Elle aurait été tuée par un Allemand de 53 ans.
Photo: Facebook

A l’époque, l’Ukrainienne se serait réfugiée chez un voisin «en sous-vêtements, avec juste un petit manteau par-dessus», raconte à notre rédaction un riverain qui souhaite rester anonyme. Mais ce n’est pas tout: «Plus tard, l’homme qui vivait avec elle est venu me voir et m’a dit: 'Tu es un homme mort.'» La police était alors intervenue pour apaiser les tensions.

Violences contre les femmes: besoin d'aide?

Vous, ou l'une de vos proches, êtes victime de violences de la part d'un partenaire ou d'un proche? Voici les ressources auxquelles vous pouvez faire appel.

En cas de situation urgente ou dangereuse, ne jamais hésiter à contacter la police au 117 et/ou l'ambulance au 144.

Pour l'aide aux victimes, plusieurs structures sont à votre disposition en Suisse romande, et au niveau national.

Vous, ou l'une de vos proches, êtes victime de violences de la part d'un partenaire ou d'un proche? Voici les ressources auxquelles vous pouvez faire appel.

En cas de situation urgente ou dangereuse, ne jamais hésiter à contacter la police au 117 et/ou l'ambulance au 144.

Pour l'aide aux victimes, plusieurs structures sont à votre disposition en Suisse romande, et au niveau national.

Blick a appris de l'entourage de la victime qu’une ordonnance de mesure d'éloignement avait été prononcée à l’encontre du suspect. L’Allemand n’avait en principe plus le droit de s’approcher de la maison où vivait Yulia. Le suspect aurait d'ailleurs tout planifié pour contourner cette mesure: selon les informations de 20 Minuten, l'homme de 53 ans a garé son véhicule en lisière de forêt avant de rejoindre le domicile de Yulia à pied, à l'abri des regards.

Le parquet confirme la mesure d'éloignement

Interrogé à ce sujet, Fabian Mörtl, porte-parole du parquet du canton de Thurgovie, confirme l’intervention policière de l’automne 2025. Il déclare: «Un tribunal a prononcé une mesure d'éloignement. Nous ne pouvons toutefois pas fournir davantage de détails pour l’instant en raison de l’enquête en cours.»

Yulia était une «femme sympathique», racontent ses voisins. Elle était aimable, mais discrète. Selon nos informations, cette femme de 40 ans menait une vie plutôt tranquille dans le village.
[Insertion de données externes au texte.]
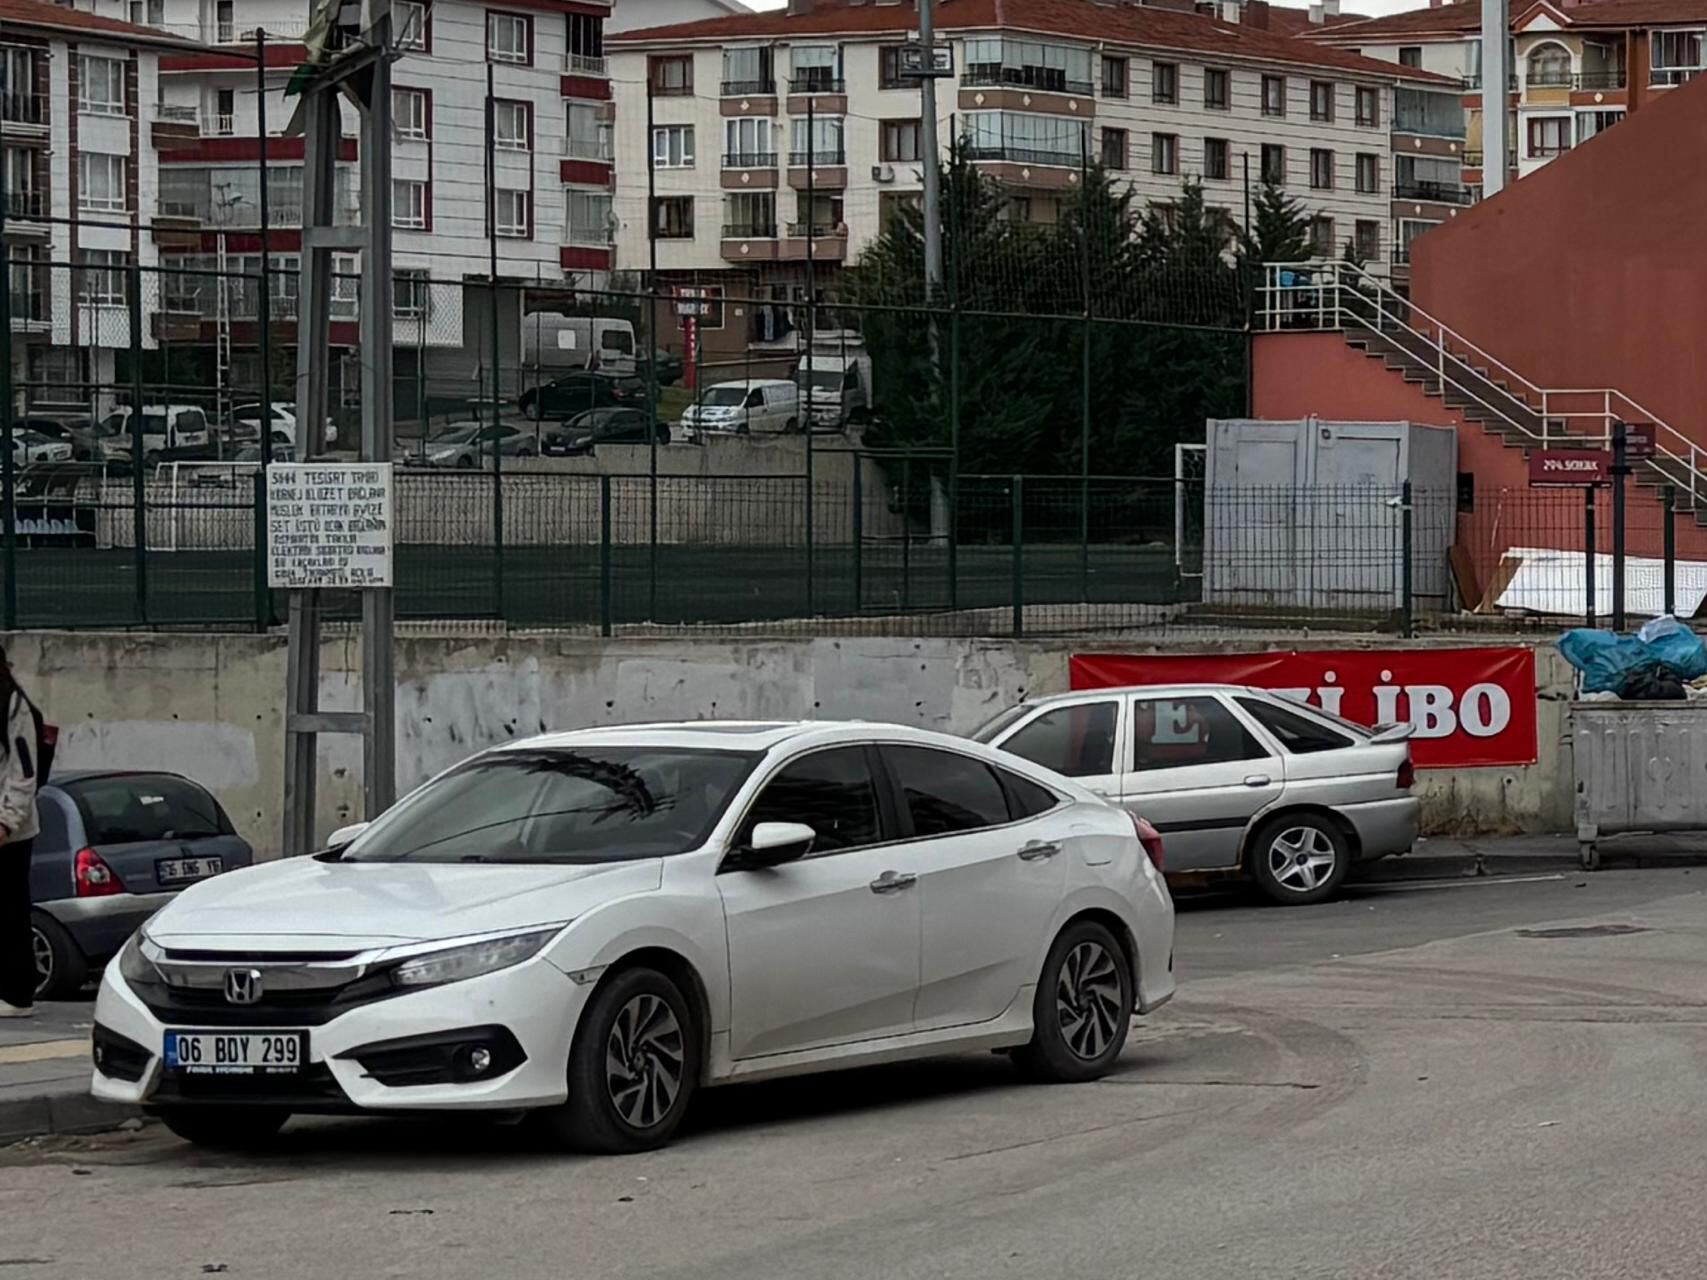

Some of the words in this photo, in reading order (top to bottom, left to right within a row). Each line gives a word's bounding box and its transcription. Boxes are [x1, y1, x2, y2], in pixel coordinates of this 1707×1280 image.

Elle tenait une boutique en ligne d’articles de jardinage et de loisirs, tout en proposant des services de nettoyage et d’entretien d'extérieurs.

Vendredi, nous avons également pu nous entretenir avec le propriétaire du logement de la défunte. Lui aussi dresse un portrait chaleureux de la quadragénaire: «C’était une personne agréable. Elle était toujours polie avec nous.»

«Un événement tragique»

Sur place, Blick a rencontré le président de la commune d’Erlen, Thomas Bosshard. Il explique sa présence: «J’ai été appelé dans la soirée, car la police a besoin d’un représentant de la commune qui se rende sur place pendant que l’enquête est en cours.»

Le maire Thomas Bosshard sera également présent vendredi.
Photo: Nicolas Lurati

Un tel acte ne laisse pas l'élu indifférent: «C’est une situation tragique, un événement terrible qui choque tout le monde.»